[Free-text object descriptions]

*-*-*

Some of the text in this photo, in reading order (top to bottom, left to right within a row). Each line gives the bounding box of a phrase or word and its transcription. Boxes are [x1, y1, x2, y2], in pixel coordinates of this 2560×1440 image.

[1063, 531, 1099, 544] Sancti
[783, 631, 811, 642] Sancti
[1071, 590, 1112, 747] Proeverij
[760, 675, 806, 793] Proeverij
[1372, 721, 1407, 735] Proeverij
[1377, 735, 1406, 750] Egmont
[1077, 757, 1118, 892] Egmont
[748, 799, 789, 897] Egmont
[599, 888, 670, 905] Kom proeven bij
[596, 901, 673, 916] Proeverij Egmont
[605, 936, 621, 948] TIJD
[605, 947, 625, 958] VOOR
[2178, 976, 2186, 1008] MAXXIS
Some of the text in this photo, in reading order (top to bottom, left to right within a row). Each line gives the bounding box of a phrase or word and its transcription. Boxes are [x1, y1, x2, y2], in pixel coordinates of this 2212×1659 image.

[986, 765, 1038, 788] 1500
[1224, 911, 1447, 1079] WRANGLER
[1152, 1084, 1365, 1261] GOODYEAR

*-*-*

(Your assignment):
Output the line containing "this 2212×1659 image." and all lines after it to the end of the records, exactly as given.

(Task response):
Some of the text in this photo, in reading order (top to bottom, left to right within a row). Each line gives the bounding box of a phrase or word and its transcription. Boxes are [x1, y1, x2, y2], in pixel coordinates of this 2212×1659 image.

[986, 765, 1038, 788] 1500
[1224, 911, 1447, 1079] WRANGLER
[1152, 1084, 1365, 1261] GOODYEAR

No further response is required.